# How to Preserve Muscle Mass When You Can't Work Out
Whether you're recovering from injury, managing illness, or facing a temporary break from exercise, losing muscle mass feels inevitable. The good news: it isn't.
Muscle loss happens faster than muscle gain, but strategic choices during inactive periods slow that decline significantly. Here's what works.
**Eat enough protein.** This ranks first for a reason. Protein synthesis, the process that builds and maintains muscle, requires adequate intake. Aim for 0.7 to 1 gram per pound of body weight daily, even when you're not training. Quality sources include Greek yogurt, eggs, lean meat, fish, legumes, and cottage cheese.

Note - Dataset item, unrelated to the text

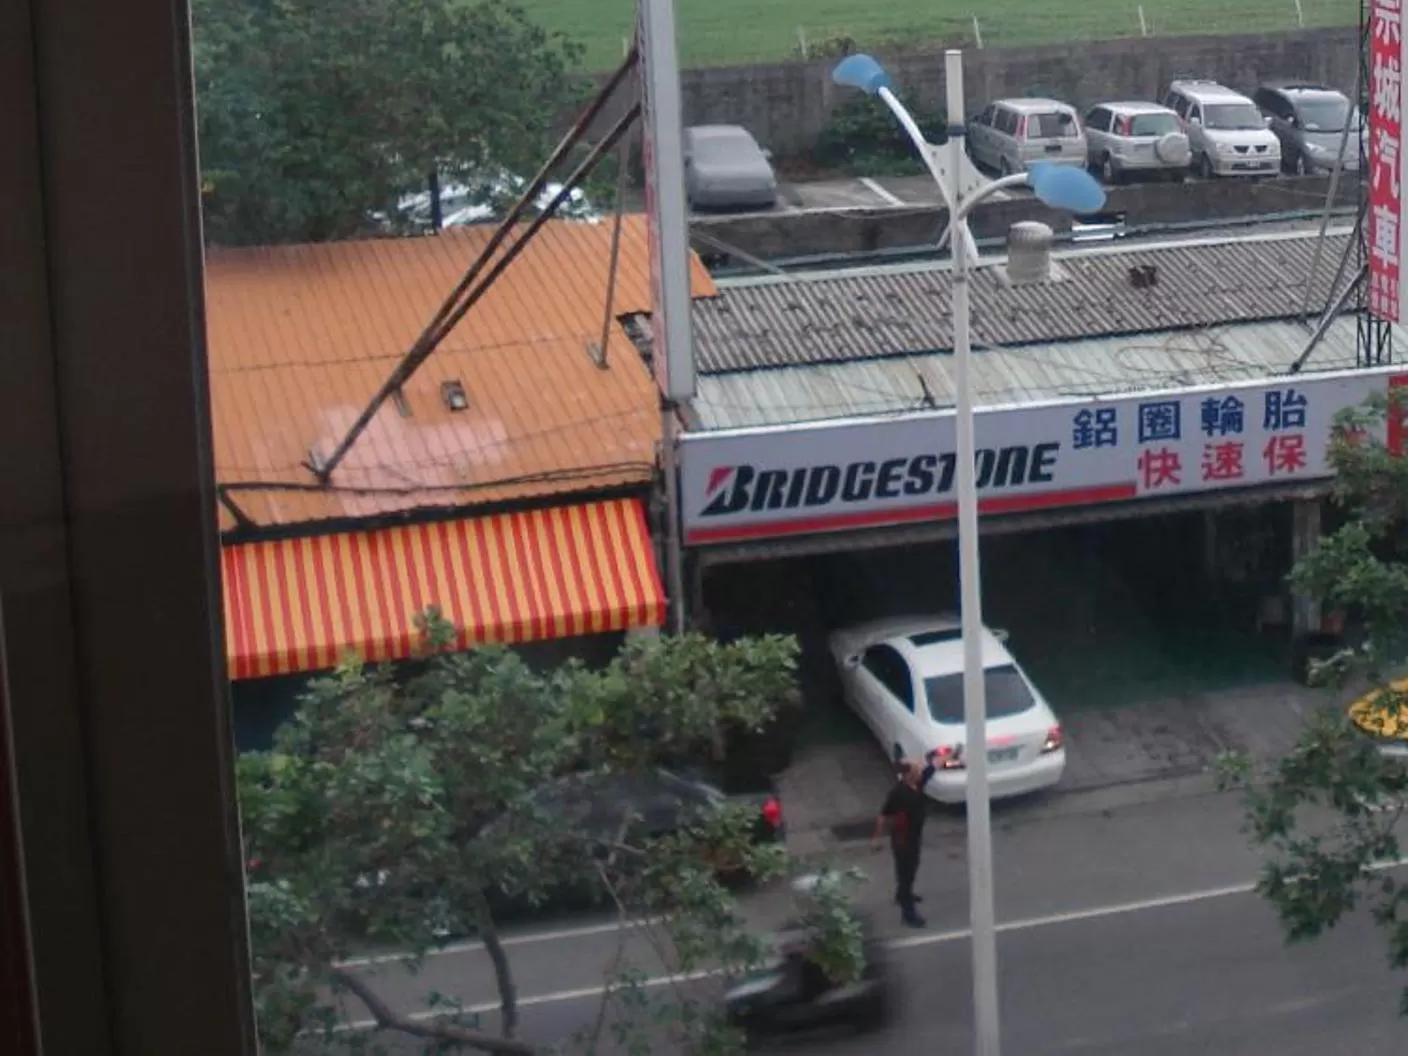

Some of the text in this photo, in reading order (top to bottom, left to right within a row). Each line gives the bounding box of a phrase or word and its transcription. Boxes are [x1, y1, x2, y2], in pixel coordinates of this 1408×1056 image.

[1072, 389, 1307, 449] 鋁圈輪胎
[699, 442, 1061, 516] BRIDGESTONE
[1137, 428, 1366, 489] 快速保

**Stay in a caloric balance.** Undereating accelerates muscle loss. Your body breaks down muscle for energy when calories drop too low. Eat enough to maintain your current weight, not restrict calories during recovery periods.
**Move gently.** Complete rest isn't necessary. Walking, stretching, and light mobility work maintain neural pathways to your muscles and boost circulation. Even inactive people who walk 30 minutes daily preserve more muscle than sedentary counterparts.

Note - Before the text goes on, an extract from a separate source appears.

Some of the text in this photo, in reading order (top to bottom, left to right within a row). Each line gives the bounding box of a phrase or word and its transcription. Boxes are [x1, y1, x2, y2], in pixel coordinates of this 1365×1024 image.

**Prioritize sleep.** Muscle repair happens during rest. Aim for 7 to 9 hours nightly. Poor sleep increases cortisol, the stress hormone that promotes muscle breakdown.

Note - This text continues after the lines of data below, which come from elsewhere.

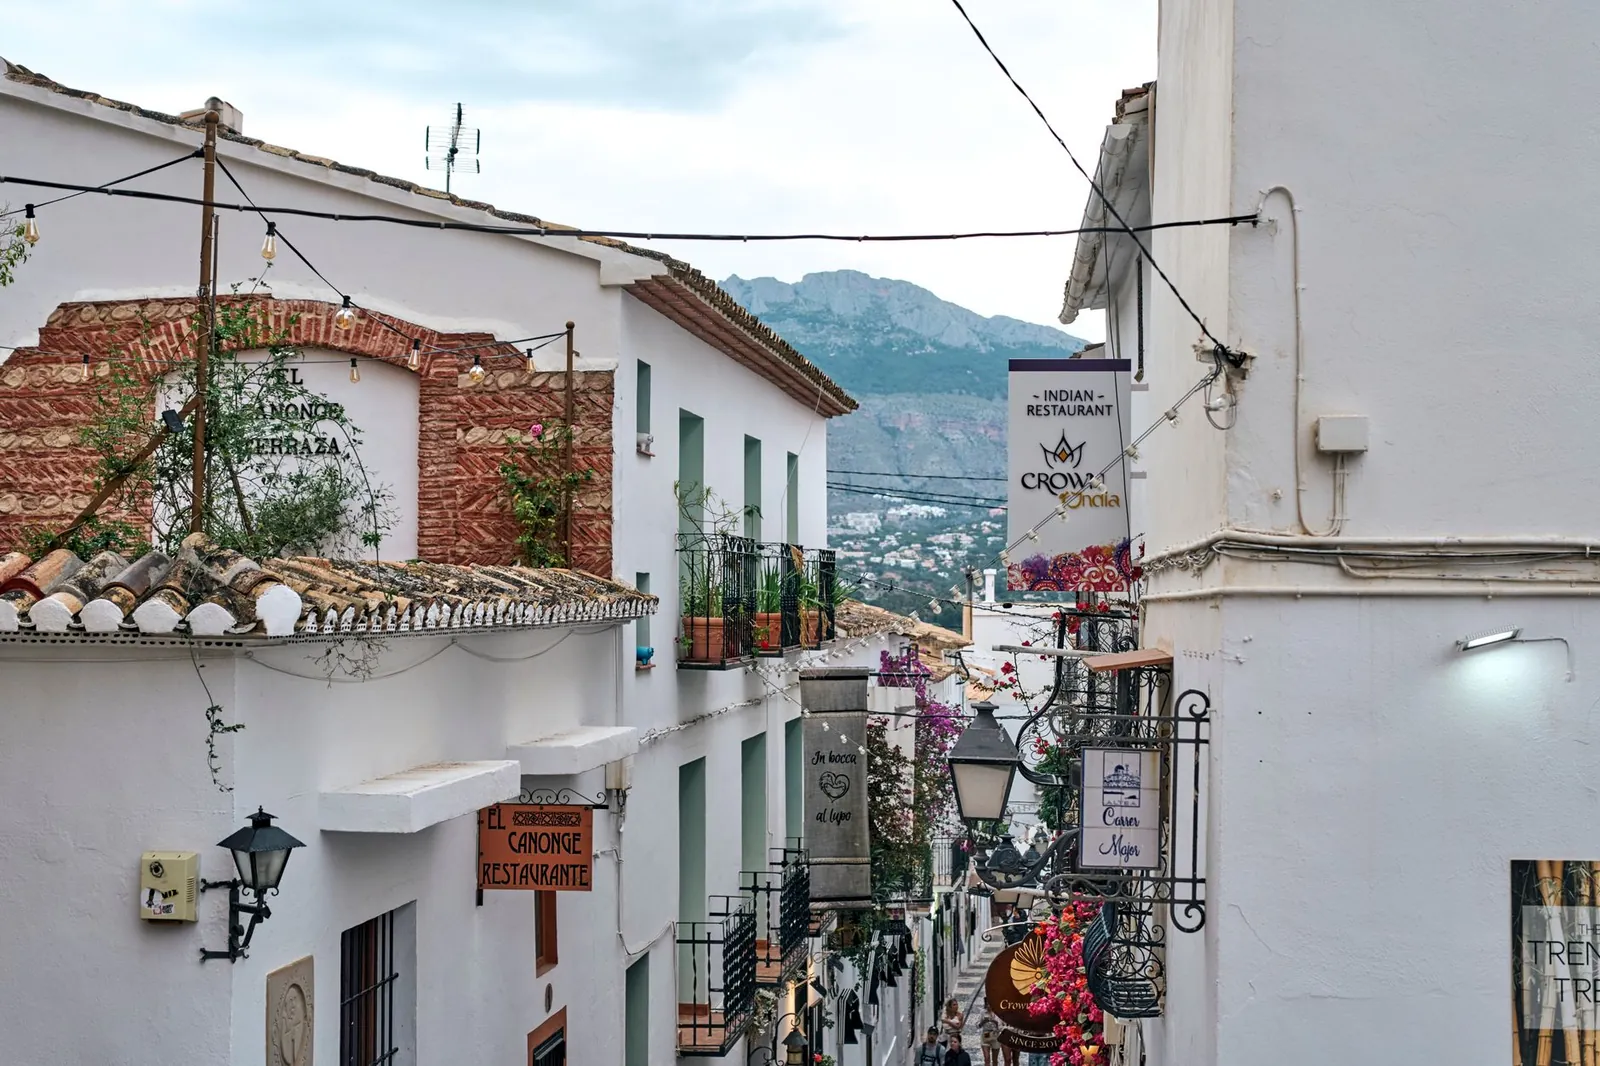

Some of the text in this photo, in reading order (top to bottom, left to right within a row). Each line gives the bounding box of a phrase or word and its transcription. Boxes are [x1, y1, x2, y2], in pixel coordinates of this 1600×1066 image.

[1044, 390, 1094, 402] INDIAN
[1027, 404, 1113, 416] RESTAURANT
[241, 437, 341, 455] ERRAZA
[829, 751, 857, 764] bocca
[487, 808, 506, 830] EL
[816, 808, 852, 826] al lupo
[1102, 806, 1140, 827] Carrer
[508, 831, 582, 855] CANONGE
[1099, 833, 1141, 863] Major
[1009, 1035, 1038, 1048] SINCE

**Consider light resistance when possible.** Once cleared by your doctor, bodyweight exercises, resistance bands, or light dumbbells prevent significant atrophy. Even minimal tension signals your muscles to stay intact. Two to three sessions weekly maintains strength better than complete inactivity.
The timeline matters too. Research shows noticeable muscle loss takes weeks of complete inactivity, not days. Most people regain lost muscle faster than they built it originally, a phenomenon called "muscle memory."